Directions:
Below are records to return verbatim; the pictures are to be dropped.

[Annotated photo localization data]

★ ★ ★ ★ ★

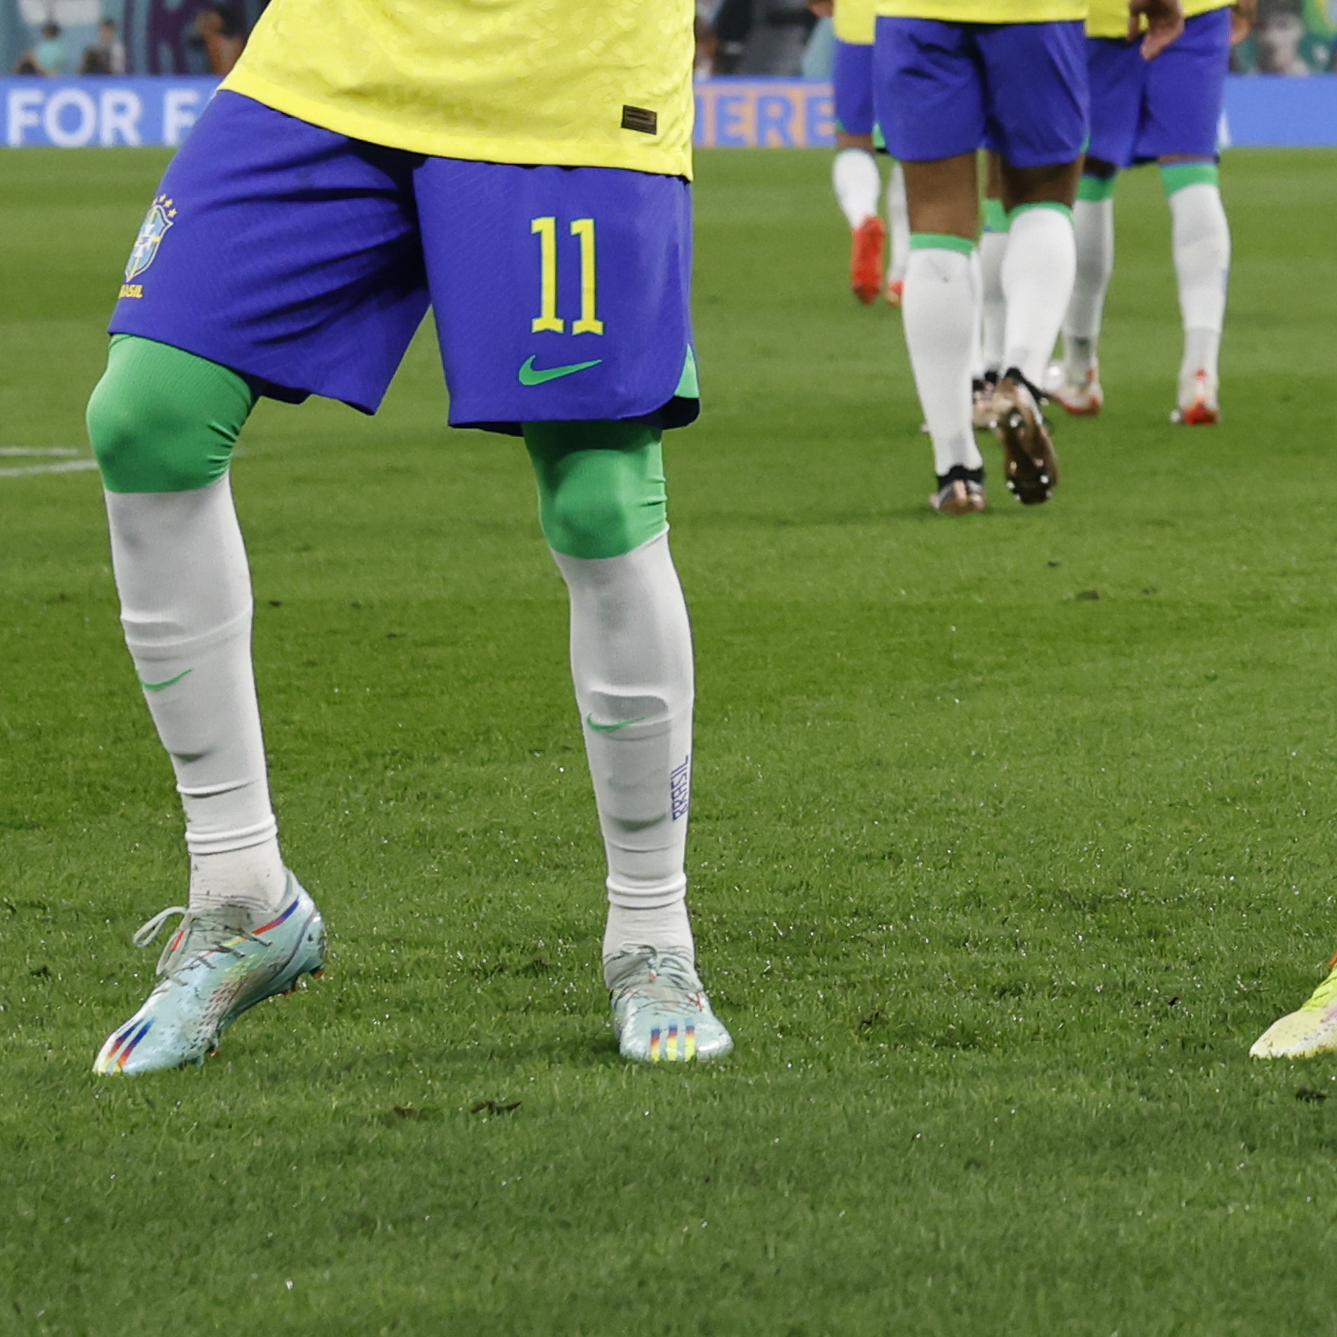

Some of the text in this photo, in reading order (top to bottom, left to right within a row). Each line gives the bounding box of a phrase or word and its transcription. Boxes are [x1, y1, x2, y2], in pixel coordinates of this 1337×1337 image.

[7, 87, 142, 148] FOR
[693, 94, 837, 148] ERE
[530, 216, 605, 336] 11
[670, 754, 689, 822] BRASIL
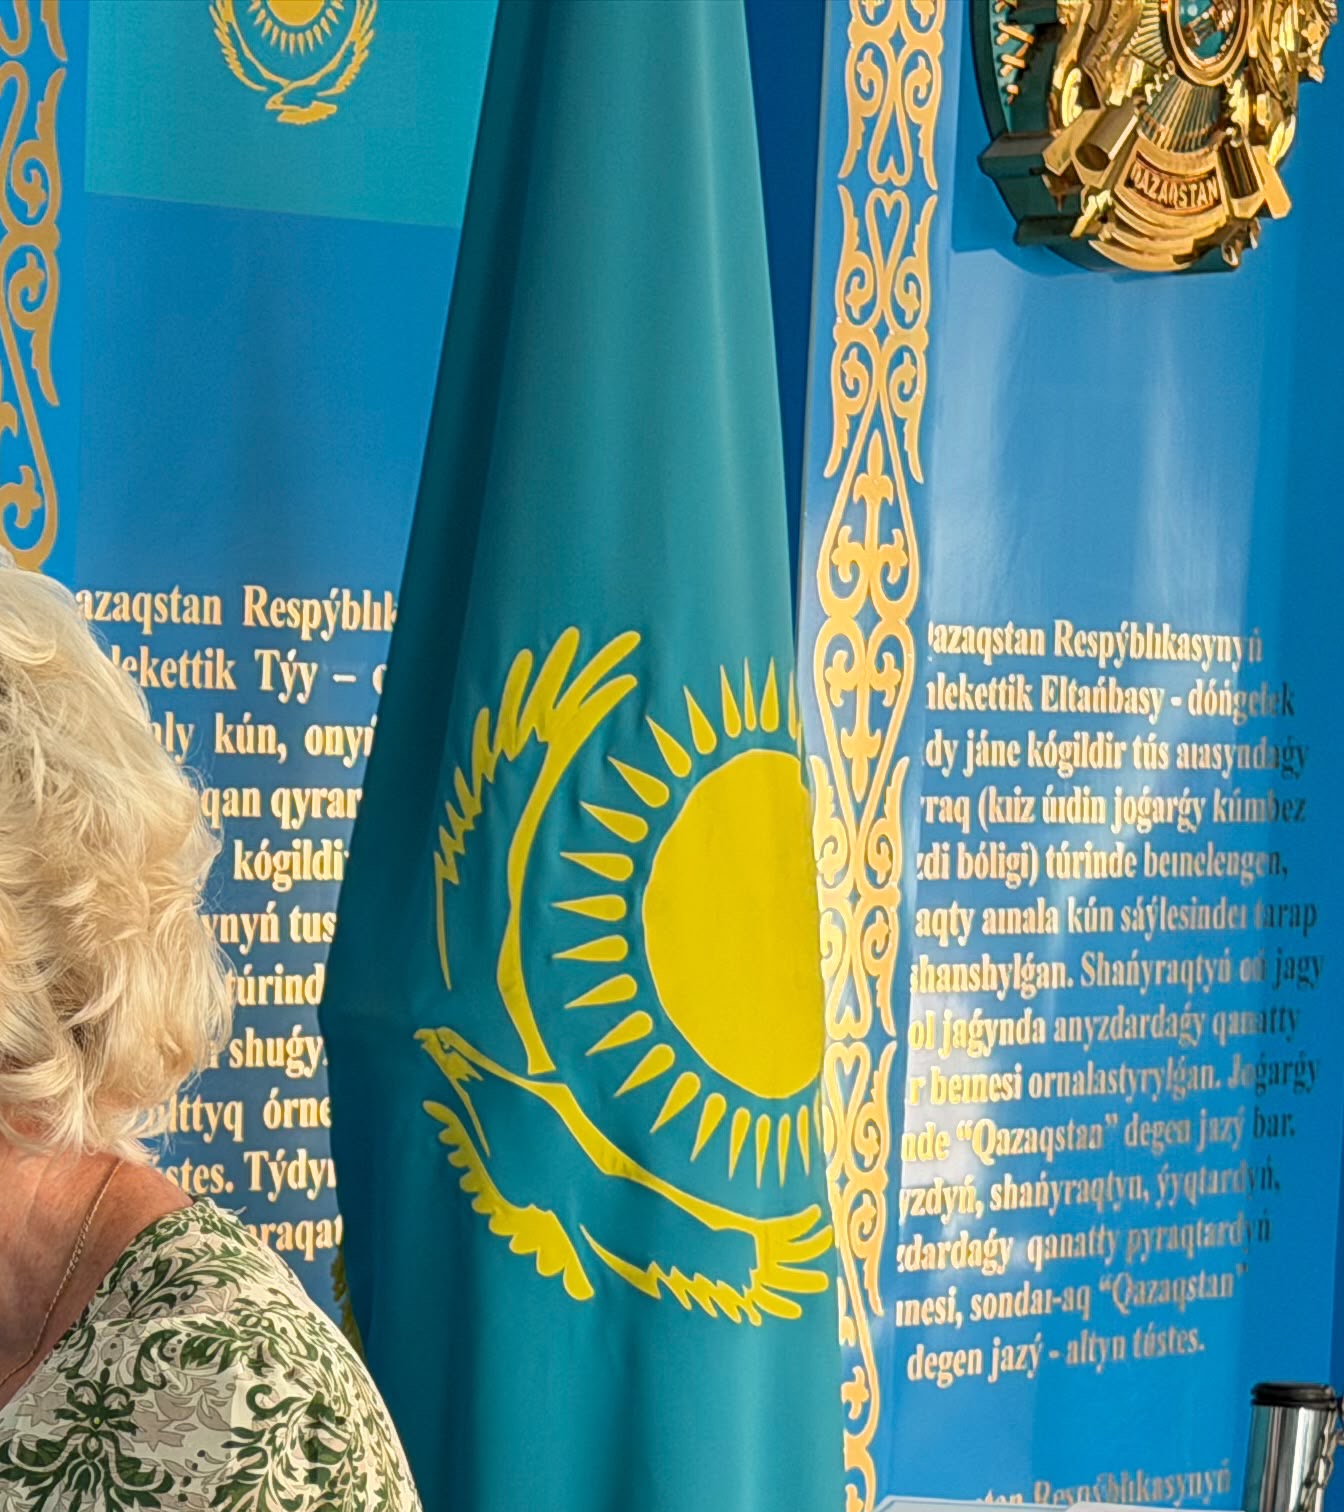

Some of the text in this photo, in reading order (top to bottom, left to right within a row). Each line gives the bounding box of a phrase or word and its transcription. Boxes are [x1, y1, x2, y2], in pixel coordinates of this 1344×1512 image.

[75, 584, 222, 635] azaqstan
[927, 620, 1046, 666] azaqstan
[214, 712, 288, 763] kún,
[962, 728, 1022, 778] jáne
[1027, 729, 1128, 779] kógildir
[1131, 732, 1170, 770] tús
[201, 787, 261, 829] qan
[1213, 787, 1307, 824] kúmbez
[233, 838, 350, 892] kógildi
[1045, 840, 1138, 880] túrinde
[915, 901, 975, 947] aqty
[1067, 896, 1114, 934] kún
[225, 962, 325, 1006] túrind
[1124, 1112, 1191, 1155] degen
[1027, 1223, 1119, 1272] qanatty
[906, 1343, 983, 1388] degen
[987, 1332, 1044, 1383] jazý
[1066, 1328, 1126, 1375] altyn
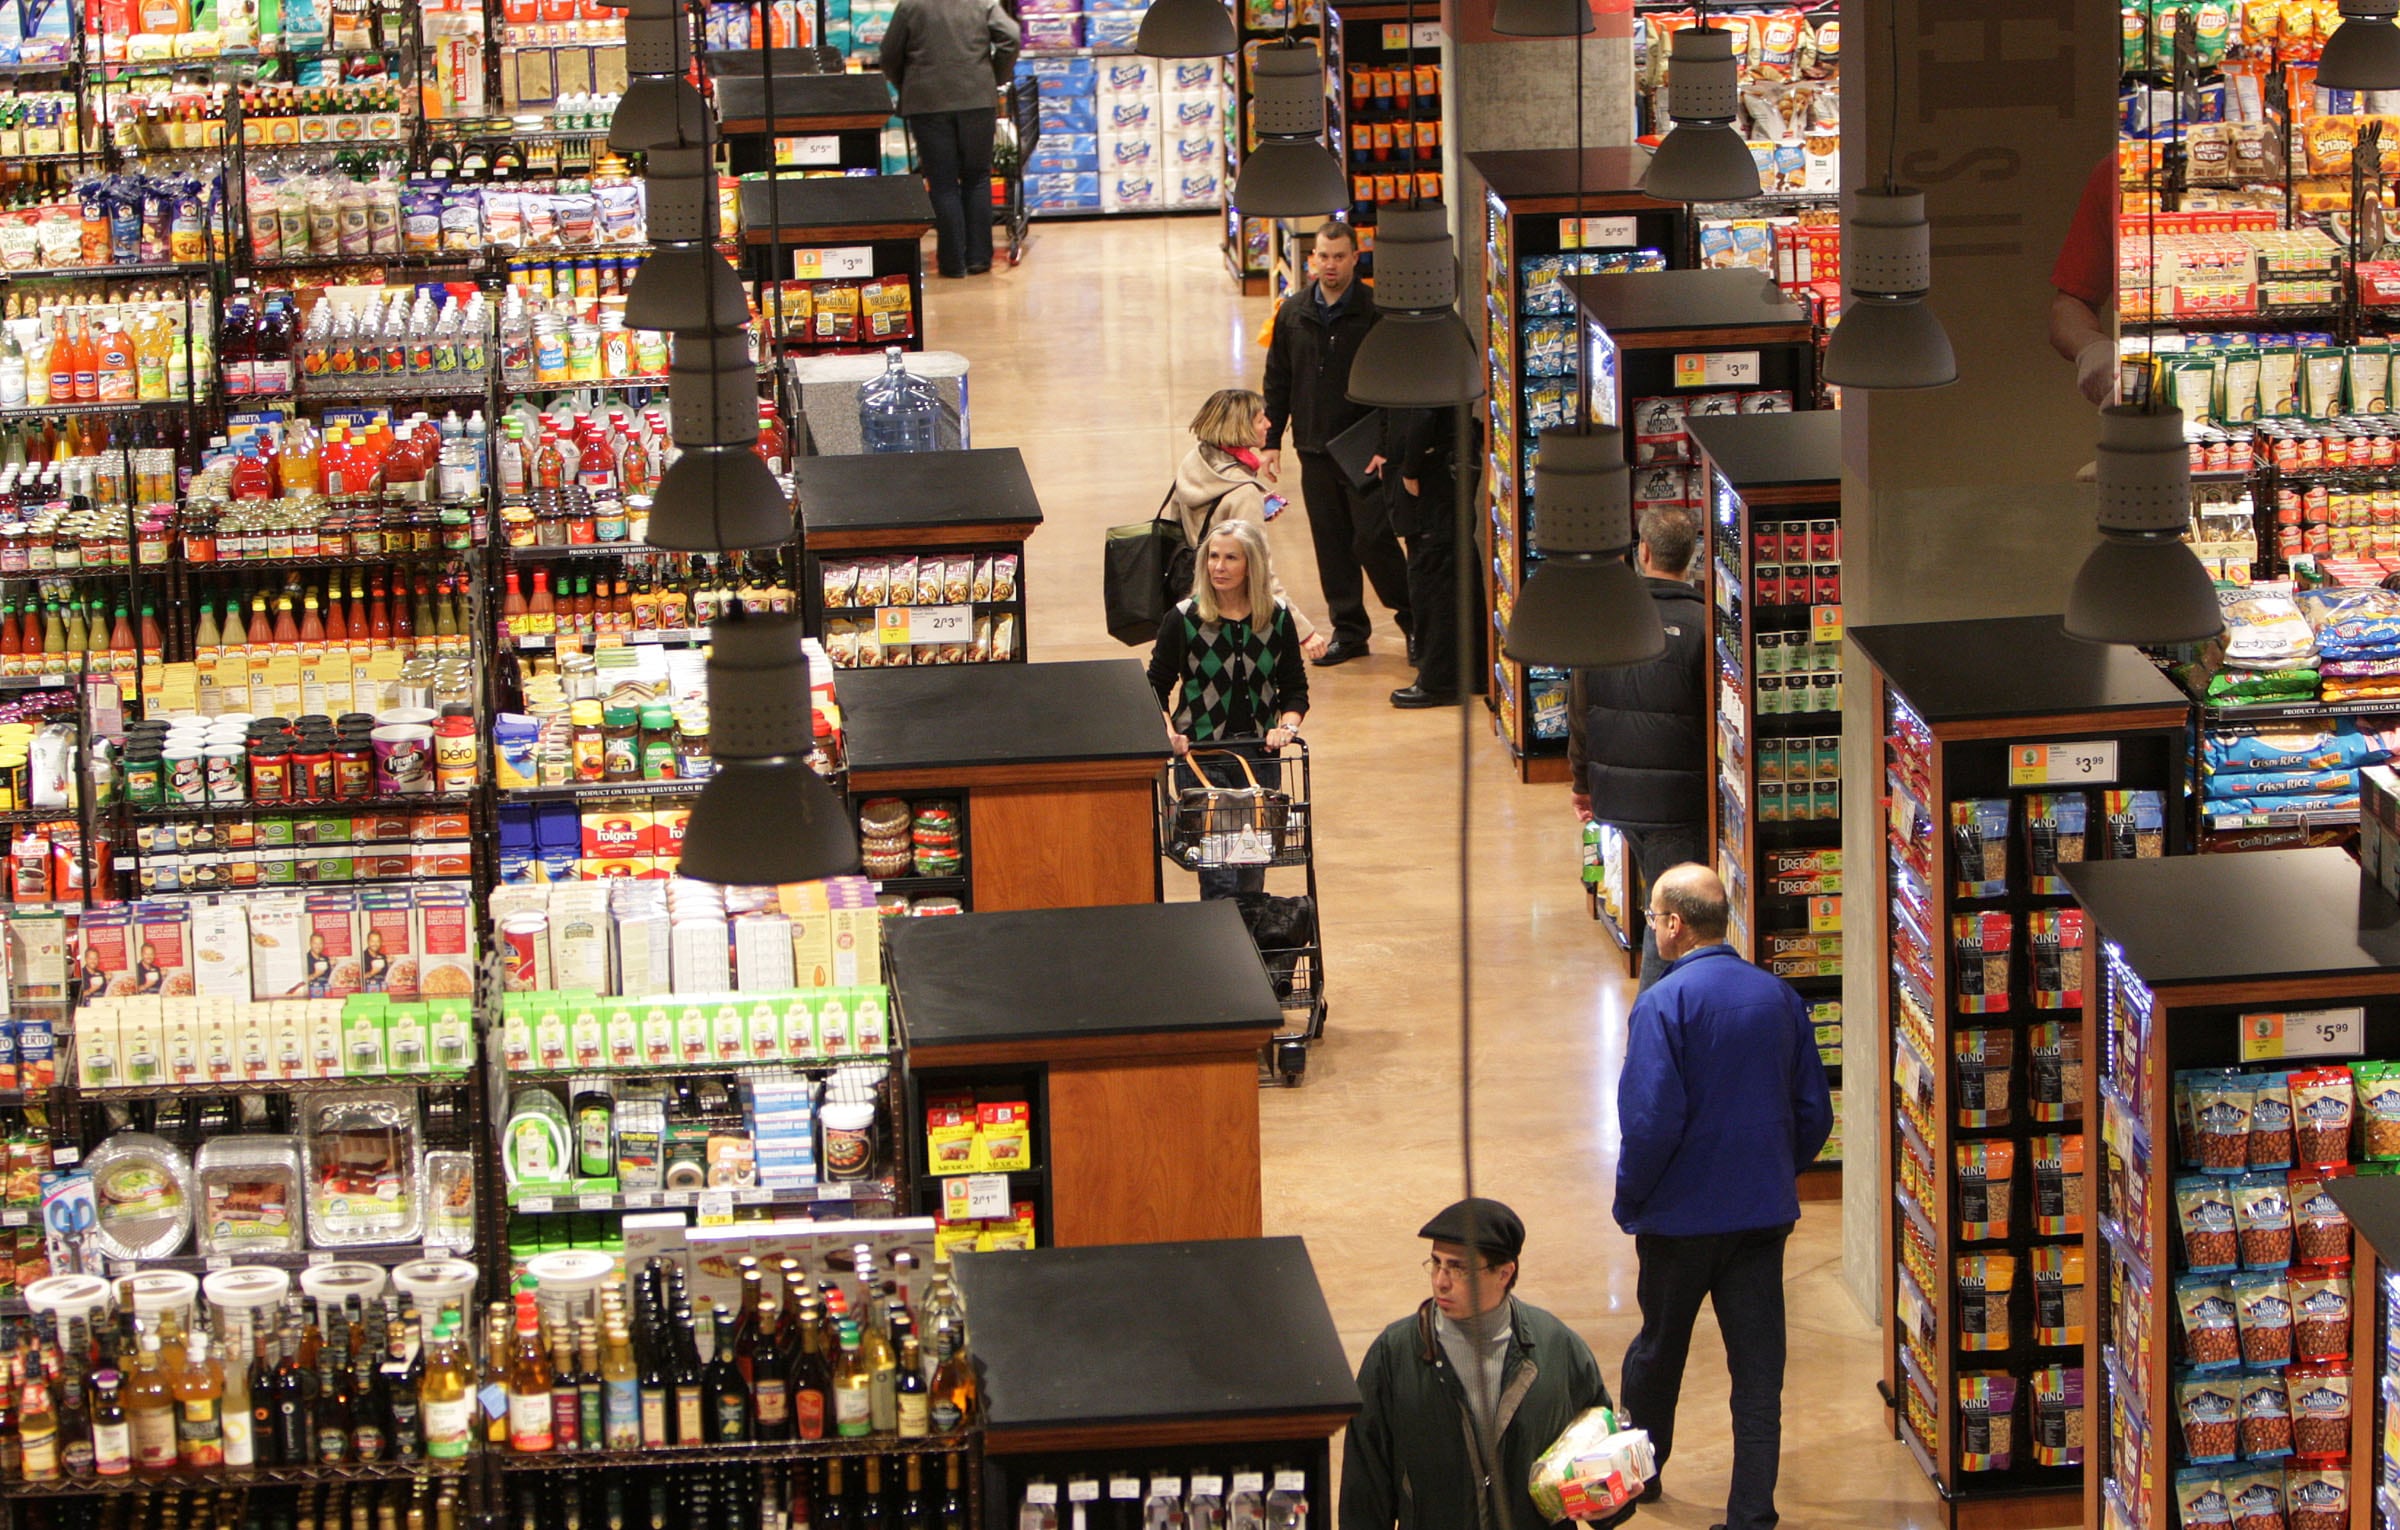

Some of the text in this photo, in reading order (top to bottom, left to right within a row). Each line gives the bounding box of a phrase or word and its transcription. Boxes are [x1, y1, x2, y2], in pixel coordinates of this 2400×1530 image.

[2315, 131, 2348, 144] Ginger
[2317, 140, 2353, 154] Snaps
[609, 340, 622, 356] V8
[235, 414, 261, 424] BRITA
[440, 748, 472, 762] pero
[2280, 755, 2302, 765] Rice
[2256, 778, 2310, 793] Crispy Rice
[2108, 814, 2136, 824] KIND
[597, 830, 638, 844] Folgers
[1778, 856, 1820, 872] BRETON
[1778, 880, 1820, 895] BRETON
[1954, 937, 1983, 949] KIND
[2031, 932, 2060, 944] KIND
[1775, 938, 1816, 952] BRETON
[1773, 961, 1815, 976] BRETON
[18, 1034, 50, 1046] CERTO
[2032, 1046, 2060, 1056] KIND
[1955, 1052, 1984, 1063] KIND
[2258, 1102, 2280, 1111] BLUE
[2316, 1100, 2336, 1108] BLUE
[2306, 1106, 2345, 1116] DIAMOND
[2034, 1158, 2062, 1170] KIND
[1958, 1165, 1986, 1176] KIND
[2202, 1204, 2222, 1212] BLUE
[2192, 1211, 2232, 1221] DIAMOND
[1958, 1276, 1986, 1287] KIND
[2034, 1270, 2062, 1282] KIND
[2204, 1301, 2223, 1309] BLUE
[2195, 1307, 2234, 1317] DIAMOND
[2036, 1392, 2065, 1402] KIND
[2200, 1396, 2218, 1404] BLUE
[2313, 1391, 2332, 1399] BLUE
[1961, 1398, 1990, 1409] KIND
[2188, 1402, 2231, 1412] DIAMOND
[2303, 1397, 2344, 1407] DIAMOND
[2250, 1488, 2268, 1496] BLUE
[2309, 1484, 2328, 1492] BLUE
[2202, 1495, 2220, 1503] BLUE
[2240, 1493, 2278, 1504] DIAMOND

★ ★ ★ ★ ★

Expected answer:
Some of the text in this photo, in reading order (top to bottom, left to right within a row). Each line gives the bounding box of a phrase or word and its transcription. Boxes are [x1, y1, x2, y2], in pixel coordinates of this 1337×1337 image.

[7, 87, 142, 148] FOR
[693, 94, 837, 148] ERE
[530, 216, 605, 336] 11
[670, 754, 689, 822] BRASIL

Some of the text in this photo, in reading order (top to bottom, left to right within a row). Each line gives the bounding box of a phrase or word and its transcription. Boxes are [x1, y1, x2, y2], in pixel coordinates of this 1344×1512 image.

[75, 584, 222, 635] azaqstan
[927, 620, 1046, 666] azaqstan
[214, 712, 288, 763] kún,
[962, 728, 1022, 778] jáne
[1027, 729, 1128, 779] kógildir
[1131, 732, 1170, 770] tús
[201, 787, 261, 829] qan
[1213, 787, 1307, 824] kúmbez
[233, 838, 350, 892] kógildi
[1045, 840, 1138, 880] túrinde
[915, 901, 975, 947] aqty
[1067, 896, 1114, 934] kún
[225, 962, 325, 1006] túrind
[1124, 1112, 1191, 1155] degen
[1027, 1223, 1119, 1272] qanatty
[906, 1343, 983, 1388] degen
[987, 1332, 1044, 1383] jazý
[1066, 1328, 1126, 1375] altyn

Some of the text in this photo, in reading order (top to bottom, left to right within a row). Each line gives the bounding box of a phrase or word and its transcription. Boxes are [x1, y1, x2, y2], in pixel coordinates of this 2400×1530 image.

[2315, 131, 2348, 144] Ginger
[2317, 140, 2353, 154] Snaps
[609, 340, 622, 356] V8
[235, 414, 261, 424] BRITA
[440, 748, 472, 762] pero
[2280, 755, 2302, 765] Rice
[2256, 778, 2310, 793] Crispy Rice
[2108, 814, 2136, 824] KIND
[597, 830, 638, 844] Folgers
[1778, 856, 1820, 872] BRETON
[1778, 880, 1820, 895] BRETON
[1954, 937, 1983, 949] KIND
[2031, 932, 2060, 944] KIND
[1775, 938, 1816, 952] BRETON
[1773, 961, 1815, 976] BRETON
[18, 1034, 50, 1046] CERTO
[2032, 1046, 2060, 1056] KIND
[1955, 1052, 1984, 1063] KIND
[2258, 1102, 2280, 1111] BLUE
[2316, 1100, 2336, 1108] BLUE
[2306, 1106, 2345, 1116] DIAMOND
[2034, 1158, 2062, 1170] KIND
[1958, 1165, 1986, 1176] KIND
[2202, 1204, 2222, 1212] BLUE
[2192, 1211, 2232, 1221] DIAMOND
[1958, 1276, 1986, 1287] KIND
[2034, 1270, 2062, 1282] KIND
[2204, 1301, 2223, 1309] BLUE
[2195, 1307, 2234, 1317] DIAMOND
[2036, 1392, 2065, 1402] KIND
[2200, 1396, 2218, 1404] BLUE
[2313, 1391, 2332, 1399] BLUE
[1961, 1398, 1990, 1409] KIND
[2188, 1402, 2231, 1412] DIAMOND
[2303, 1397, 2344, 1407] DIAMOND
[2250, 1488, 2268, 1496] BLUE
[2309, 1484, 2328, 1492] BLUE
[2202, 1495, 2220, 1503] BLUE
[2240, 1493, 2278, 1504] DIAMOND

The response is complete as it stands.